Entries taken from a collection
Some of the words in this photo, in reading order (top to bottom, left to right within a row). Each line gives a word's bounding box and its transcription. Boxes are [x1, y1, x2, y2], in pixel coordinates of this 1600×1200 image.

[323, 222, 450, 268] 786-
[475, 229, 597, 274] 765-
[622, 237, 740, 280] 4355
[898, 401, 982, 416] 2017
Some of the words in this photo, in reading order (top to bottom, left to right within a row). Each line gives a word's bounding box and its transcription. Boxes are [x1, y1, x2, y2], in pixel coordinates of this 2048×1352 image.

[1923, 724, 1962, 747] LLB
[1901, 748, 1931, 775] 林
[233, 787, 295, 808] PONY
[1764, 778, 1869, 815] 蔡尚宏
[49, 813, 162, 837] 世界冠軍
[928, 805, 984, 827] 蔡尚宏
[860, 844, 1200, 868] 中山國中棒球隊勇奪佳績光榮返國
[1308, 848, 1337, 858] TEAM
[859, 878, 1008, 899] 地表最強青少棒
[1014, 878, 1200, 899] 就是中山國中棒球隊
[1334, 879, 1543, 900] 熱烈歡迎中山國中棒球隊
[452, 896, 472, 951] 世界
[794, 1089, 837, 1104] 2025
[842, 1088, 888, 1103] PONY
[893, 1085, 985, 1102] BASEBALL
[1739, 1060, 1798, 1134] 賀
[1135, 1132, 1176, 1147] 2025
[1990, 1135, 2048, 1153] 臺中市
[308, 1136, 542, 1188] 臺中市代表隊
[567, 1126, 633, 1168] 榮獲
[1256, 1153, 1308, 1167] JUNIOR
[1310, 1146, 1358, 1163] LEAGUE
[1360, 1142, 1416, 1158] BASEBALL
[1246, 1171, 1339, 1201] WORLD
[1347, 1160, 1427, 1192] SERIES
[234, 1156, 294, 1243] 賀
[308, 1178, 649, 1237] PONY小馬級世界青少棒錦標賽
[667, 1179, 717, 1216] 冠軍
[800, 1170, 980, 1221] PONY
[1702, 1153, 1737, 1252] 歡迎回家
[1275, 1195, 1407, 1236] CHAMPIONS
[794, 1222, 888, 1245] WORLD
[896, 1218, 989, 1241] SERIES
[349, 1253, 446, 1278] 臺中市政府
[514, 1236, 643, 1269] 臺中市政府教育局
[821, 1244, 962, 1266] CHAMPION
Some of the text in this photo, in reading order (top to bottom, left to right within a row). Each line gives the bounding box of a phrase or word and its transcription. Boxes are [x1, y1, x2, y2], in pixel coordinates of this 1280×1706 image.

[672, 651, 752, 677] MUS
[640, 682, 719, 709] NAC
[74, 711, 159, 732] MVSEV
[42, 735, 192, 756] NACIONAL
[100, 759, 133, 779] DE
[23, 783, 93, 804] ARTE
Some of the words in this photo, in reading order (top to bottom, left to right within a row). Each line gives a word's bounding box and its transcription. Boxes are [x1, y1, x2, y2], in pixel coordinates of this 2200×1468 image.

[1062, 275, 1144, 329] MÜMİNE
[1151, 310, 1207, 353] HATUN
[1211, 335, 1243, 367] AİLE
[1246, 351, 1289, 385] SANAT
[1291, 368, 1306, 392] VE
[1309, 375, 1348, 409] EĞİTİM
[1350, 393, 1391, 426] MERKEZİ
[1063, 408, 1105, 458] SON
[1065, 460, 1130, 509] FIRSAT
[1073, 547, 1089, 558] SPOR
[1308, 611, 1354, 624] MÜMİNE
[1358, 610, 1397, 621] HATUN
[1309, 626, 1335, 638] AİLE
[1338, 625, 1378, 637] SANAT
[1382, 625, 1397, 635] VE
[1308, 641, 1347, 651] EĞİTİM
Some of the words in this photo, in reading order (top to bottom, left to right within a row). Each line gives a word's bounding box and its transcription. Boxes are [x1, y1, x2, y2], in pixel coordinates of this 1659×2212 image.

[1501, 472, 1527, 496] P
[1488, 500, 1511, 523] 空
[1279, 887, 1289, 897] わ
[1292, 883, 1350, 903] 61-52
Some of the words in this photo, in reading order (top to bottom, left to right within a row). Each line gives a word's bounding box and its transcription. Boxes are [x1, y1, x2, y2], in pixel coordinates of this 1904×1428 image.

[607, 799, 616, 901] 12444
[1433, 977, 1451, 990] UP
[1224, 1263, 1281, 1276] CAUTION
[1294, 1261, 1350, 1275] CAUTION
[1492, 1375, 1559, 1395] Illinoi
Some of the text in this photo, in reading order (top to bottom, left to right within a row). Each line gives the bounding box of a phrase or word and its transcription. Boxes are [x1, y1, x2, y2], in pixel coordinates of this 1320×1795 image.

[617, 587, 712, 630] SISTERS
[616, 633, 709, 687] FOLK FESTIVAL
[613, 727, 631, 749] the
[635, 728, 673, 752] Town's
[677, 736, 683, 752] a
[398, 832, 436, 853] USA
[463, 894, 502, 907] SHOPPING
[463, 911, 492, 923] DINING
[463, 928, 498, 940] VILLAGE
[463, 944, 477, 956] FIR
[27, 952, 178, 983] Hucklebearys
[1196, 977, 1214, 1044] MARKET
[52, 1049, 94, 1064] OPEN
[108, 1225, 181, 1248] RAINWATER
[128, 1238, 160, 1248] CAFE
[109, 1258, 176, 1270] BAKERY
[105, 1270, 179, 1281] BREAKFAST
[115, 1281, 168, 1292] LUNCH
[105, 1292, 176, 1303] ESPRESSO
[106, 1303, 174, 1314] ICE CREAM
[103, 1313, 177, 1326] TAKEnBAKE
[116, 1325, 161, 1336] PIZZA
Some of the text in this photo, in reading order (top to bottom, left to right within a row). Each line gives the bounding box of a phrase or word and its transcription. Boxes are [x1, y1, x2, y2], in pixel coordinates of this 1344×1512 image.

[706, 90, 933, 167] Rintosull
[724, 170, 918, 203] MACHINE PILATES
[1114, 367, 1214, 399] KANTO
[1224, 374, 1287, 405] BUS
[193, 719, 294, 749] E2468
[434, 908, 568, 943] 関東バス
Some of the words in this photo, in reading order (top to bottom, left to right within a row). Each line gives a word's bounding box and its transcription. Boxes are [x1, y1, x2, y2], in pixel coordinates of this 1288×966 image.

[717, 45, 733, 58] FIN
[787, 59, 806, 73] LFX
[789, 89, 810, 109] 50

▸ **ACTIVITY**:
The full set of entries above has to be restated exactly.

▸ **ANSWER BELOW**:
Some of the words in this photo, in reading order (top to bottom, left to right within a row). Each line gives a word's bounding box and its transcription. Boxes are [x1, y1, x2, y2], in pixel coordinates of this 1600×1200 image.

[323, 222, 450, 268] 786-
[475, 229, 597, 274] 765-
[622, 237, 740, 280] 4355
[898, 401, 982, 416] 2017
Some of the words in this photo, in reading order (top to bottom, left to right within a row). Each line gives a word's bounding box and its transcription. Boxes are [x1, y1, x2, y2], in pixel coordinates of this 2048×1352 image.

[1923, 724, 1962, 747] LLB
[1901, 748, 1931, 775] 林
[233, 787, 295, 808] PONY
[1764, 778, 1869, 815] 蔡尚宏
[49, 813, 162, 837] 世界冠軍
[928, 805, 984, 827] 蔡尚宏
[860, 844, 1200, 868] 中山國中棒球隊勇奪佳績光榮返國
[1308, 848, 1337, 858] TEAM
[859, 878, 1008, 899] 地表最強青少棒
[1014, 878, 1200, 899] 就是中山國中棒球隊
[1334, 879, 1543, 900] 熱烈歡迎中山國中棒球隊
[452, 896, 472, 951] 世界
[794, 1089, 837, 1104] 2025
[842, 1088, 888, 1103] PONY
[893, 1085, 985, 1102] BASEBALL
[1739, 1060, 1798, 1134] 賀
[1135, 1132, 1176, 1147] 2025
[1990, 1135, 2048, 1153] 臺中市
[308, 1136, 542, 1188] 臺中市代表隊
[567, 1126, 633, 1168] 榮獲
[1256, 1153, 1308, 1167] JUNIOR
[1310, 1146, 1358, 1163] LEAGUE
[1360, 1142, 1416, 1158] BASEBALL
[1246, 1171, 1339, 1201] WORLD
[1347, 1160, 1427, 1192] SERIES
[234, 1156, 294, 1243] 賀
[308, 1178, 649, 1237] PONY小馬級世界青少棒錦標賽
[667, 1179, 717, 1216] 冠軍
[800, 1170, 980, 1221] PONY
[1702, 1153, 1737, 1252] 歡迎回家
[1275, 1195, 1407, 1236] CHAMPIONS
[794, 1222, 888, 1245] WORLD
[896, 1218, 989, 1241] SERIES
[349, 1253, 446, 1278] 臺中市政府
[514, 1236, 643, 1269] 臺中市政府教育局
[821, 1244, 962, 1266] CHAMPION
Some of the text in this photo, in reading order (top to bottom, left to right within a row). Each line gives the bounding box of a phrase or word and its transcription. Boxes are [x1, y1, x2, y2], in pixel coordinates of this 1280×1706 image.

[672, 651, 752, 677] MUS
[640, 682, 719, 709] NAC
[74, 711, 159, 732] MVSEV
[42, 735, 192, 756] NACIONAL
[100, 759, 133, 779] DE
[23, 783, 93, 804] ARTE
Some of the words in this photo, in reading order (top to bottom, left to right within a row). Each line gives a word's bounding box and its transcription. Boxes are [x1, y1, x2, y2], in pixel coordinates of this 2200×1468 image.

[1062, 275, 1144, 329] MÜMİNE
[1151, 310, 1207, 353] HATUN
[1211, 335, 1243, 367] AİLE
[1246, 351, 1289, 385] SANAT
[1291, 368, 1306, 392] VE
[1309, 375, 1348, 409] EĞİTİM
[1350, 393, 1391, 426] MERKEZİ
[1063, 408, 1105, 458] SON
[1065, 460, 1130, 509] FIRSAT
[1073, 547, 1089, 558] SPOR
[1308, 611, 1354, 624] MÜMİNE
[1358, 610, 1397, 621] HATUN
[1309, 626, 1335, 638] AİLE
[1338, 625, 1378, 637] SANAT
[1382, 625, 1397, 635] VE
[1308, 641, 1347, 651] EĞİTİM
Some of the words in this photo, in reading order (top to bottom, left to right within a row). Each line gives a word's bounding box and its transcription. Boxes are [x1, y1, x2, y2], in pixel coordinates of this 1659×2212 image.

[1501, 472, 1527, 496] P
[1488, 500, 1511, 523] 空
[1279, 887, 1289, 897] わ
[1292, 883, 1350, 903] 61-52
Some of the words in this photo, in reading order (top to bottom, left to right within a row). Each line gives a word's bounding box and its transcription. Boxes are [x1, y1, x2, y2], in pixel coordinates of this 1904×1428 image.

[607, 799, 616, 901] 12444
[1433, 977, 1451, 990] UP
[1224, 1263, 1281, 1276] CAUTION
[1294, 1261, 1350, 1275] CAUTION
[1492, 1375, 1559, 1395] Illinoi
Some of the text in this photo, in reading order (top to bottom, left to right within a row). Each line gives the bounding box of a phrase or word and its transcription. Boxes are [x1, y1, x2, y2], in pixel coordinates of this 1320×1795 image.

[617, 587, 712, 630] SISTERS
[616, 633, 709, 687] FOLK FESTIVAL
[613, 727, 631, 749] the
[635, 728, 673, 752] Town's
[677, 736, 683, 752] a
[398, 832, 436, 853] USA
[463, 894, 502, 907] SHOPPING
[463, 911, 492, 923] DINING
[463, 928, 498, 940] VILLAGE
[463, 944, 477, 956] FIR
[27, 952, 178, 983] Hucklebearys
[1196, 977, 1214, 1044] MARKET
[52, 1049, 94, 1064] OPEN
[108, 1225, 181, 1248] RAINWATER
[128, 1238, 160, 1248] CAFE
[109, 1258, 176, 1270] BAKERY
[105, 1270, 179, 1281] BREAKFAST
[115, 1281, 168, 1292] LUNCH
[105, 1292, 176, 1303] ESPRESSO
[106, 1303, 174, 1314] ICE CREAM
[103, 1313, 177, 1326] TAKEnBAKE
[116, 1325, 161, 1336] PIZZA
Some of the text in this photo, in reading order (top to bottom, left to right within a row). Each line gives the bounding box of a phrase or word and its transcription. Boxes are [x1, y1, x2, y2], in pixel coordinates of this 1344×1512 image.

[706, 90, 933, 167] Rintosull
[724, 170, 918, 203] MACHINE PILATES
[1114, 367, 1214, 399] KANTO
[1224, 374, 1287, 405] BUS
[193, 719, 294, 749] E2468
[434, 908, 568, 943] 関東バス
Some of the words in this photo, in reading order (top to bottom, left to right within a row). Each line gives a word's bounding box and its transcription. Boxes are [x1, y1, x2, y2], in pixel coordinates of this 1288×966 image.

[717, 45, 733, 58] FIN
[787, 59, 806, 73] LFX
[789, 89, 810, 109] 50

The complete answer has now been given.